TASK GOAL =>
Repeat the listing below verbatim, without its images.

====================

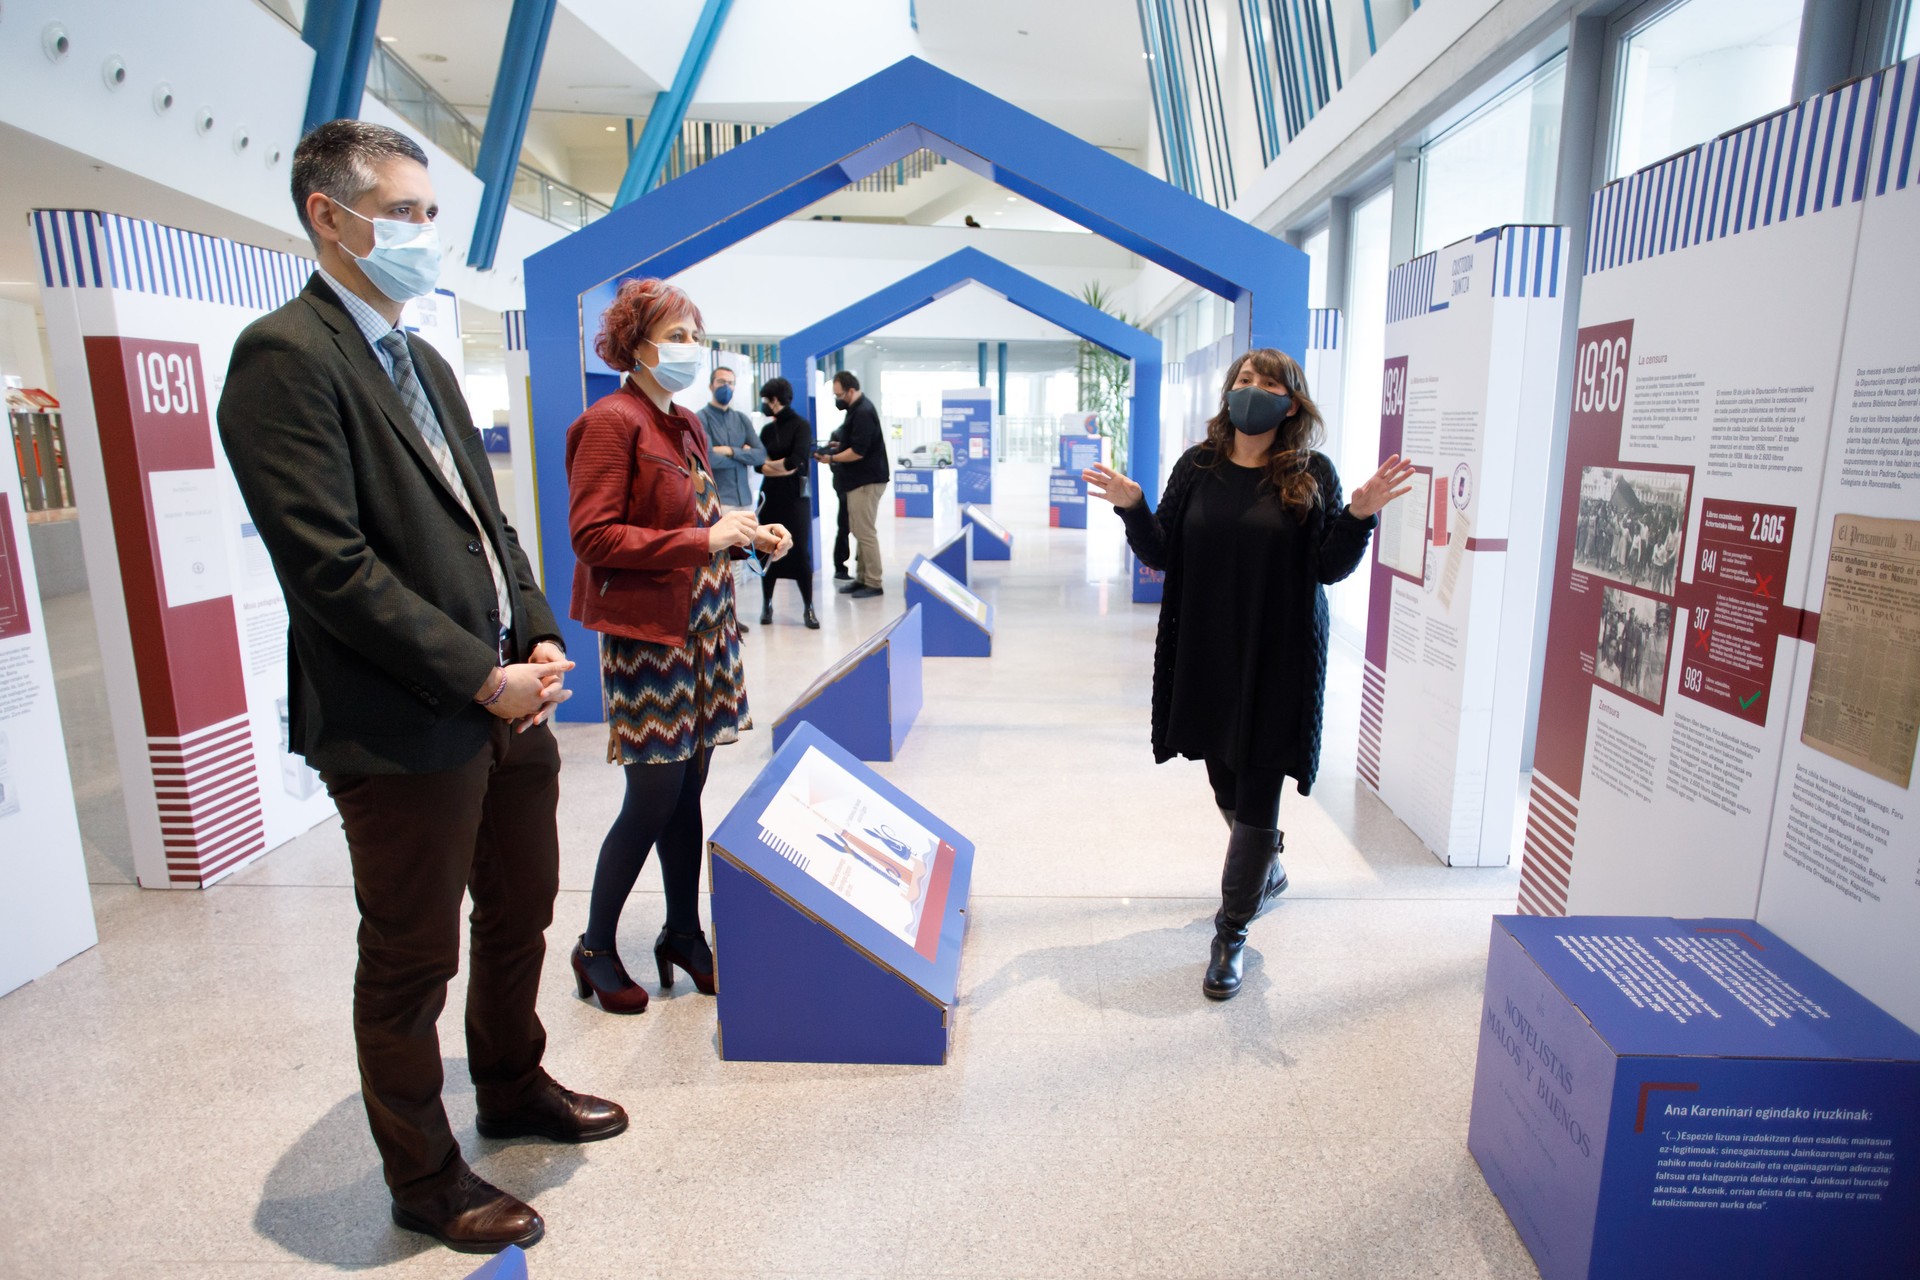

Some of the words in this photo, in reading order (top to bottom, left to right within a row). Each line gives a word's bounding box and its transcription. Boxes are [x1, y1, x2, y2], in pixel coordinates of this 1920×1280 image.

[1638, 356, 1644, 365] La
[1646, 355, 1667, 364] censura
[1575, 337, 1626, 412] 1936
[136, 352, 199, 414] 1931
[1860, 379, 1885, 387] Diputación
[1886, 377, 1907, 386] encargó
[1382, 366, 1404, 416] 1934
[1852, 400, 1857, 408] de
[1873, 399, 1896, 407] Biblioteca
[1892, 414, 1912, 423] bajaban
[1894, 424, 1917, 434] quedarse
[1862, 437, 1871, 445] baja
[1875, 448, 1899, 457] religiosas
[1842, 468, 1863, 476] biblioteca
[1865, 468, 1870, 476] de
[1879, 469, 1896, 478] Padres
[1841, 478, 1860, 487] Colegiata
[1862, 479, 1867, 487] de
[1706, 511, 1718, 519] Libros
[1750, 513, 1785, 544] 2.605
[1701, 549, 1717, 573] 841
[1831, 554, 1843, 562] Esta
[1845, 555, 1868, 567] mañana
[1880, 561, 1904, 574] declaró
[1906, 566, 1914, 575] el
[1845, 565, 1852, 573] de
[1855, 568, 1875, 578] guerra
[1879, 572, 1888, 580] en
[1890, 572, 1918, 586] Navarra
[1694, 607, 1709, 630] 317
[1684, 667, 1702, 692] 983
[1891, 808, 1903, 820] Foru
[1871, 823, 1889, 836] aurrera
[1505, 996, 1573, 1095] NOVELISTAS
[1487, 1007, 1521, 1066] MALOS
[1526, 1060, 1534, 1082] Y
[1537, 1077, 1591, 1158] BUENOS
[1664, 1104, 1687, 1116] Ana
[1691, 1105, 1752, 1117] Kareninari
[1756, 1107, 1810, 1120] egindako
[1813, 1109, 1872, 1120] iruzkinak:
[1715, 1133, 1740, 1141] lizuna
[1743, 1134, 1790, 1142] iradokitzen
[1792, 1135, 1813, 1143] duen
[1816, 1136, 1849, 1144] esaldia;
[1851, 1137, 1891, 1146] maitasun
[1721, 1147, 1789, 1156] sinesgaiztasuna
[1792, 1149, 1855, 1159] Jainkoarengan
[1858, 1151, 1871, 1159] eta
[1658, 1159, 1686, 1167] nahiko
[1714, 1160, 1765, 1169] iradokitzaile
[1783, 1163, 1847, 1172] engainagarrian
[1656, 1172, 1684, 1180] faltsua
[1702, 1173, 1748, 1183] kaltegarria
[1750, 1175, 1778, 1183] delako
[1781, 1176, 1808, 1184] ideian.
[1811, 1176, 1851, 1185] Jainkoari
[1853, 1179, 1888, 1187] buruzko
[1757, 1188, 1783, 1196] deista
[1816, 1191, 1843, 1199] aipatu
[1652, 1199, 1718, 1208] katolizismoaren
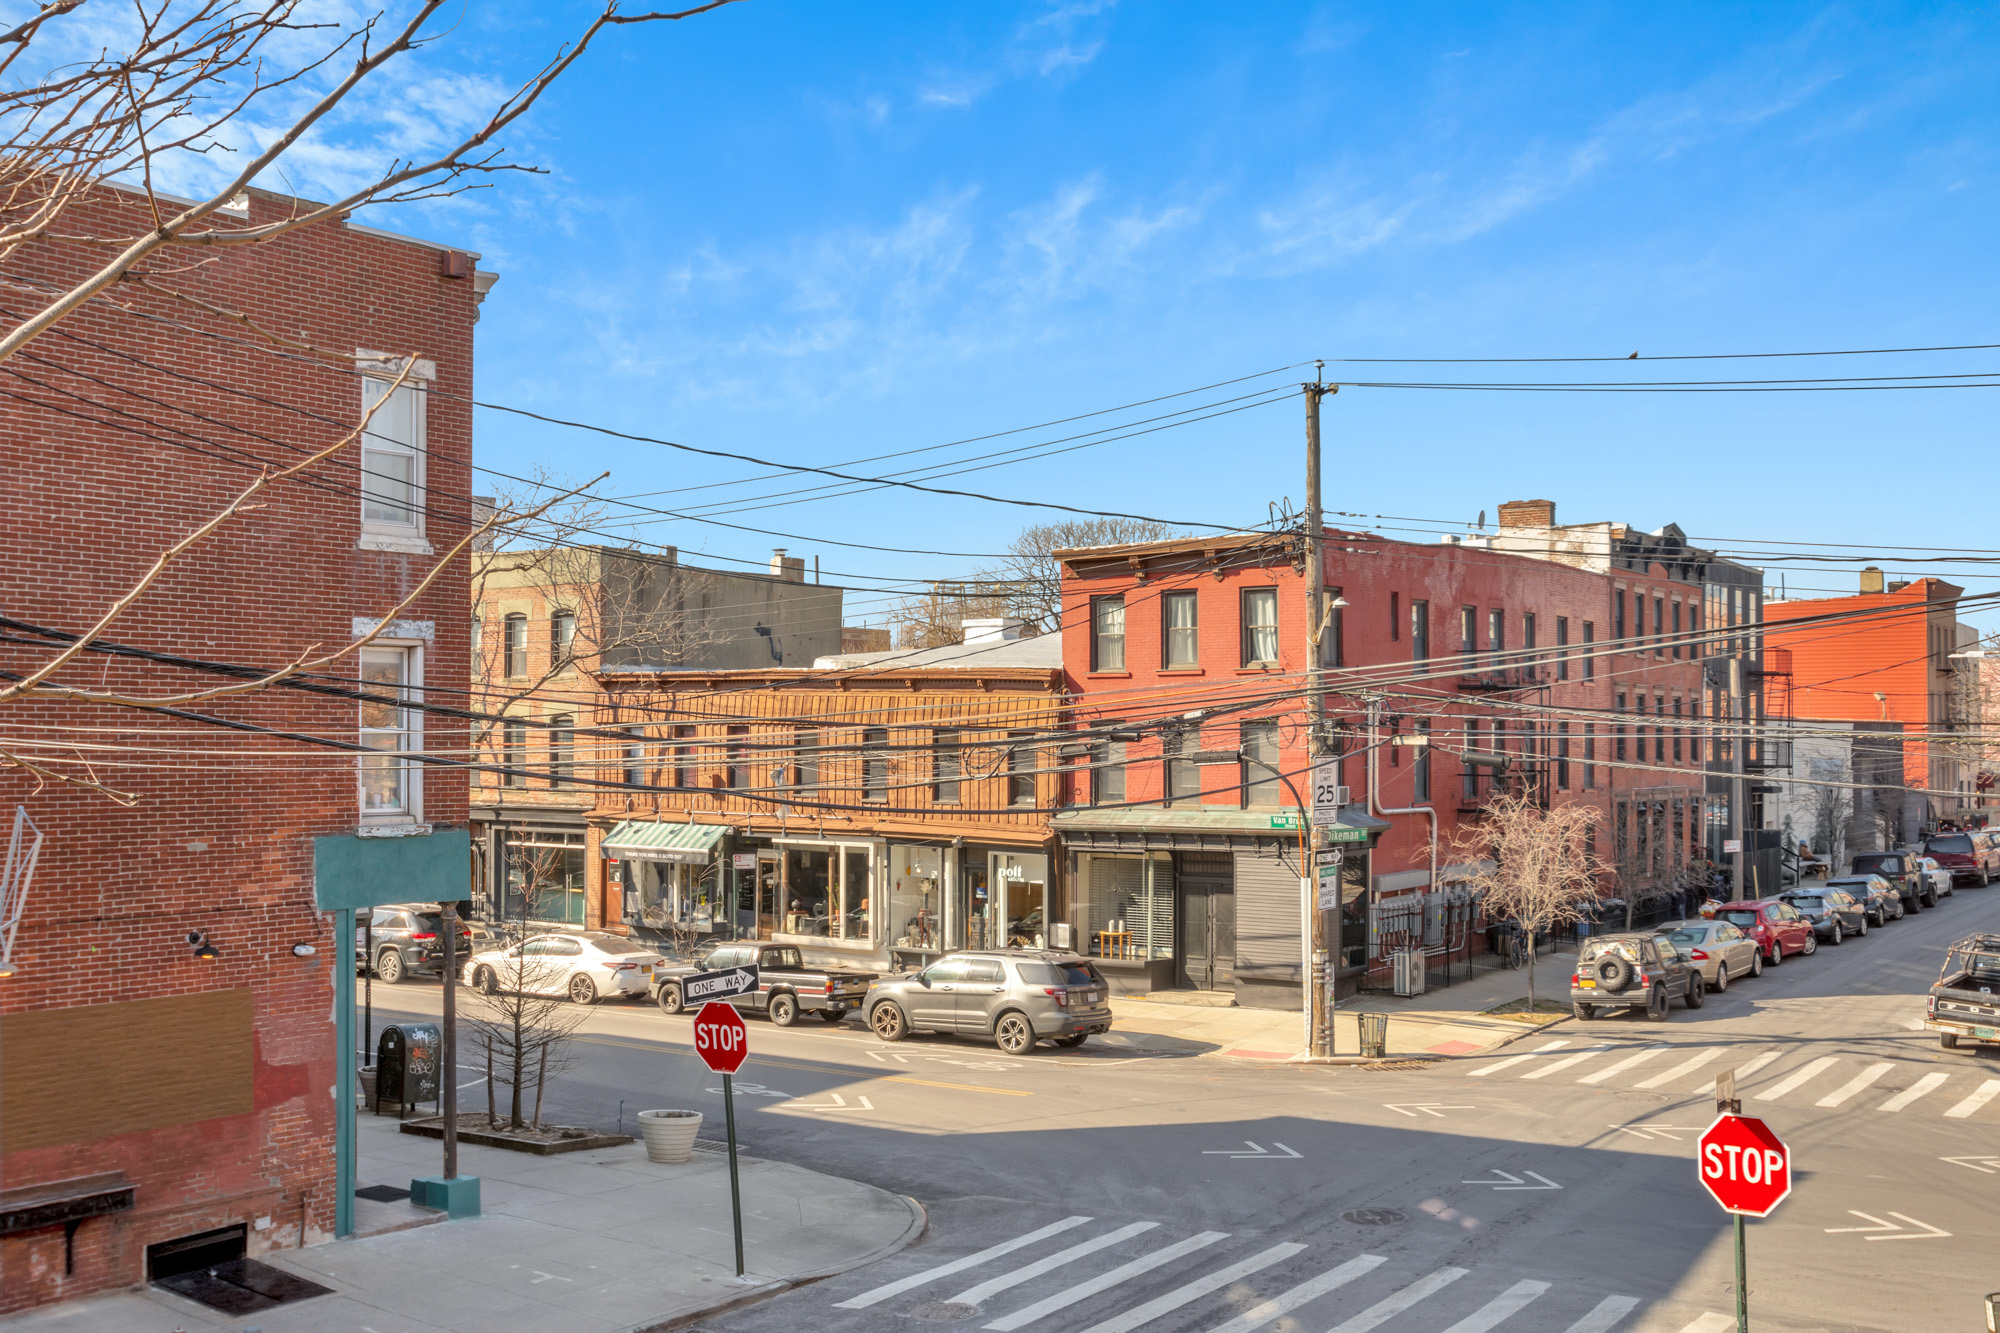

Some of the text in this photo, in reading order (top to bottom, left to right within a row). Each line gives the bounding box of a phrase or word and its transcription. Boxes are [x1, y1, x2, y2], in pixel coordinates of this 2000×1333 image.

[1317, 784, 1334, 803] 25
[1273, 816, 1286, 824] Van
[1319, 889, 1334, 899] SHARED
[1321, 898, 1332, 906] LANE
[693, 974, 747, 995] ONE WAY
[697, 1022, 744, 1052] STOP
[1704, 1142, 1784, 1186] STOP
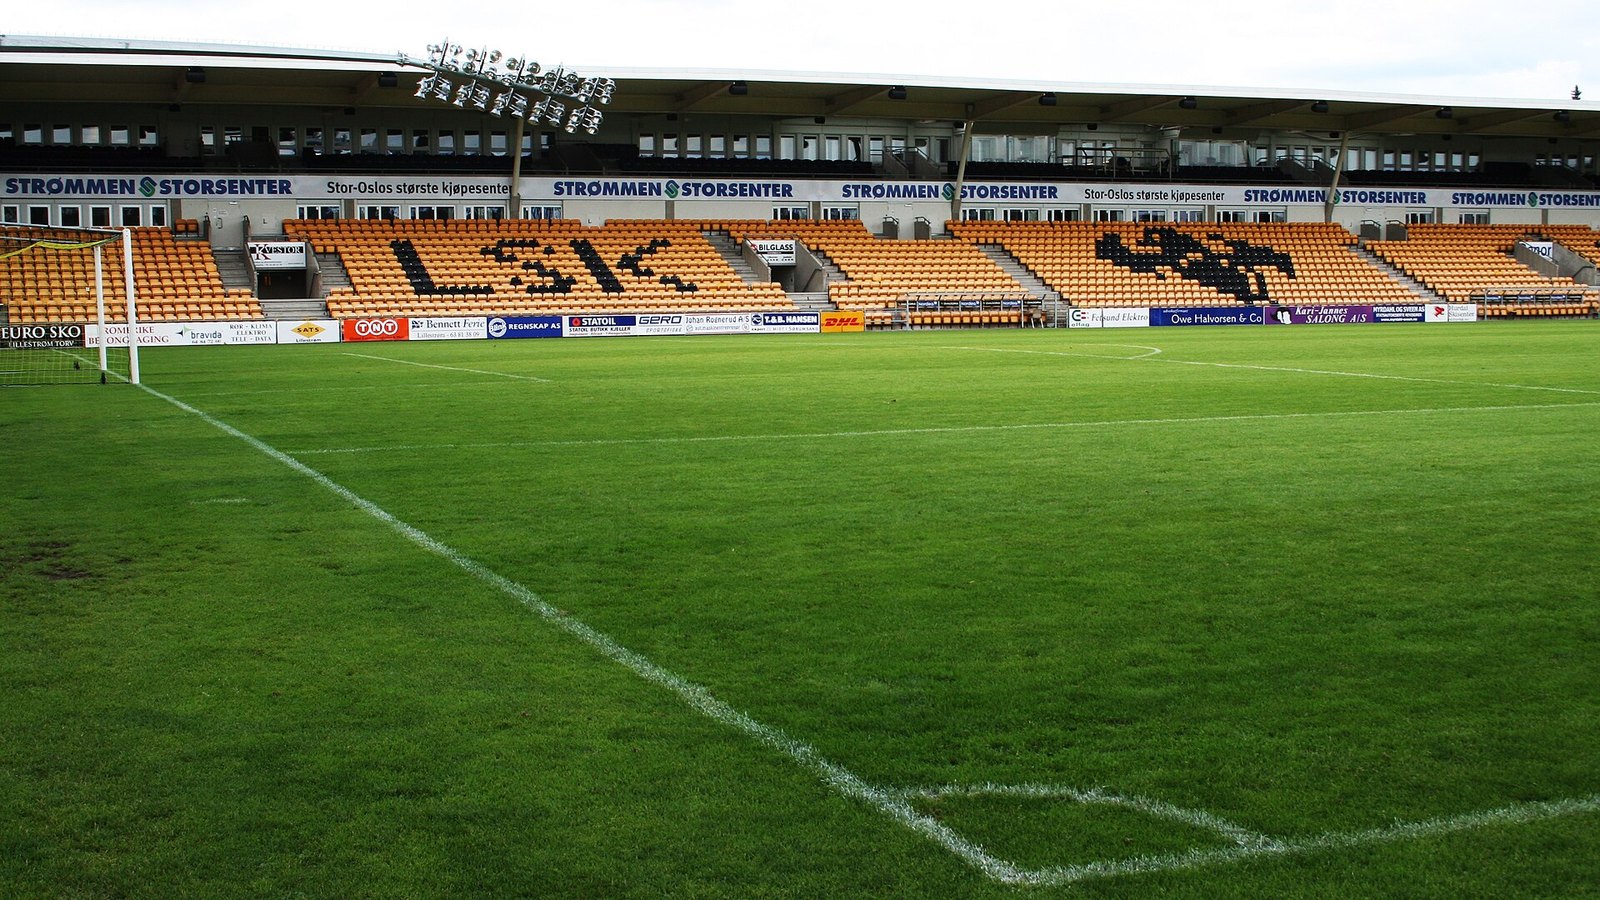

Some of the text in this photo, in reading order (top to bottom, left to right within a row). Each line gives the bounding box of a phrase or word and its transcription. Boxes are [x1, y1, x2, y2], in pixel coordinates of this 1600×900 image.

[6, 177, 293, 196] STRØMMEN STORSENTER
[327, 181, 393, 194] Stor-Oslos
[396, 182, 439, 195] største
[553, 180, 793, 198] STRØMMEN STORSENTER
[842, 183, 1057, 199] STRØMMEN STORSENTER
[1085, 188, 1224, 203] Stor-Oslos største kjøpesenter
[1244, 189, 1426, 205] STRØMMEN STORSENTER
[1452, 192, 1525, 206] STRØMMEN
[1295, 306, 1348, 315] Kari-Jannes
[581, 317, 617, 326] STATOIL
[786, 315, 818, 323] HANSEN
[825, 317, 860, 326] DHL
[1122, 313, 1148, 321] Elektro
[1171, 313, 1262, 323] Owe Halvorsen & Co
[1305, 313, 1367, 324] SALONG A/S
[357, 322, 396, 333] TNT
[426, 320, 460, 329] Bennett
[463, 319, 485, 328] Ferie
[1, 325, 81, 339] EURO SKO
[105, 326, 155, 334] ROMEIKE
[190, 330, 222, 339] bravida
[88, 335, 169, 345] BEONGAGING

====================

YOUR SOLUTION =>
Some of the words in this photo, in reading order (top to bottom, left to right within a row). Each line gives a word's bounding box and its transcription. Boxes are [x1, y1, x2, y2], in pixel coordinates of this 1920×1280 image.

[1638, 356, 1644, 365] La
[1646, 355, 1667, 364] censura
[1575, 337, 1626, 412] 1936
[136, 352, 199, 414] 1931
[1860, 379, 1885, 387] Diputación
[1886, 377, 1907, 386] encargó
[1382, 366, 1404, 416] 1934
[1852, 400, 1857, 408] de
[1873, 399, 1896, 407] Biblioteca
[1892, 414, 1912, 423] bajaban
[1894, 424, 1917, 434] quedarse
[1862, 437, 1871, 445] baja
[1875, 448, 1899, 457] religiosas
[1842, 468, 1863, 476] biblioteca
[1865, 468, 1870, 476] de
[1879, 469, 1896, 478] Padres
[1841, 478, 1860, 487] Colegiata
[1862, 479, 1867, 487] de
[1706, 511, 1718, 519] Libros
[1750, 513, 1785, 544] 2.605
[1701, 549, 1717, 573] 841
[1831, 554, 1843, 562] Esta
[1845, 555, 1868, 567] mañana
[1880, 561, 1904, 574] declaró
[1906, 566, 1914, 575] el
[1845, 565, 1852, 573] de
[1855, 568, 1875, 578] guerra
[1879, 572, 1888, 580] en
[1890, 572, 1918, 586] Navarra
[1694, 607, 1709, 630] 317
[1684, 667, 1702, 692] 983
[1891, 808, 1903, 820] Foru
[1871, 823, 1889, 836] aurrera
[1505, 996, 1573, 1095] NOVELISTAS
[1487, 1007, 1521, 1066] MALOS
[1526, 1060, 1534, 1082] Y
[1537, 1077, 1591, 1158] BUENOS
[1664, 1104, 1687, 1116] Ana
[1691, 1105, 1752, 1117] Kareninari
[1756, 1107, 1810, 1120] egindako
[1813, 1109, 1872, 1120] iruzkinak:
[1715, 1133, 1740, 1141] lizuna
[1743, 1134, 1790, 1142] iradokitzen
[1792, 1135, 1813, 1143] duen
[1816, 1136, 1849, 1144] esaldia;
[1851, 1137, 1891, 1146] maitasun
[1721, 1147, 1789, 1156] sinesgaiztasuna
[1792, 1149, 1855, 1159] Jainkoarengan
[1858, 1151, 1871, 1159] eta
[1658, 1159, 1686, 1167] nahiko
[1714, 1160, 1765, 1169] iradokitzaile
[1783, 1163, 1847, 1172] engainagarrian
[1656, 1172, 1684, 1180] faltsua
[1702, 1173, 1748, 1183] kaltegarria
[1750, 1175, 1778, 1183] delako
[1781, 1176, 1808, 1184] ideian.
[1811, 1176, 1851, 1185] Jainkoari
[1853, 1179, 1888, 1187] buruzko
[1757, 1188, 1783, 1196] deista
[1816, 1191, 1843, 1199] aipatu
[1652, 1199, 1718, 1208] katolizismoaren

Some of the text in this photo, in reading order (top to bottom, left to right within a row). Each line gives the bounding box of a phrase or word and its transcription. Boxes are [x1, y1, x2, y2], in pixel coordinates of this 2000×1333 image.

[1317, 784, 1334, 803] 25
[1273, 816, 1286, 824] Van
[1319, 889, 1334, 899] SHARED
[1321, 898, 1332, 906] LANE
[693, 974, 747, 995] ONE WAY
[697, 1022, 744, 1052] STOP
[1704, 1142, 1784, 1186] STOP

Some of the text in this photo, in reading order (top to bottom, left to right within a row). Each line gives the bounding box of a phrase or word and its transcription. Boxes are [x1, y1, x2, y2], in pixel coordinates of this 1600×900 image.

[6, 177, 293, 196] STRØMMEN STORSENTER
[327, 181, 393, 194] Stor-Oslos
[396, 182, 439, 195] største
[553, 180, 793, 198] STRØMMEN STORSENTER
[842, 183, 1057, 199] STRØMMEN STORSENTER
[1085, 188, 1224, 203] Stor-Oslos største kjøpesenter
[1244, 189, 1426, 205] STRØMMEN STORSENTER
[1452, 192, 1525, 206] STRØMMEN
[1295, 306, 1348, 315] Kari-Jannes
[581, 317, 617, 326] STATOIL
[786, 315, 818, 323] HANSEN
[825, 317, 860, 326] DHL
[1122, 313, 1148, 321] Elektro
[1171, 313, 1262, 323] Owe Halvorsen & Co
[1305, 313, 1367, 324] SALONG A/S
[357, 322, 396, 333] TNT
[426, 320, 460, 329] Bennett
[463, 319, 485, 328] Ferie
[1, 325, 81, 339] EURO SKO
[105, 326, 155, 334] ROMEIKE
[190, 330, 222, 339] bravida
[88, 335, 169, 345] BEONGAGING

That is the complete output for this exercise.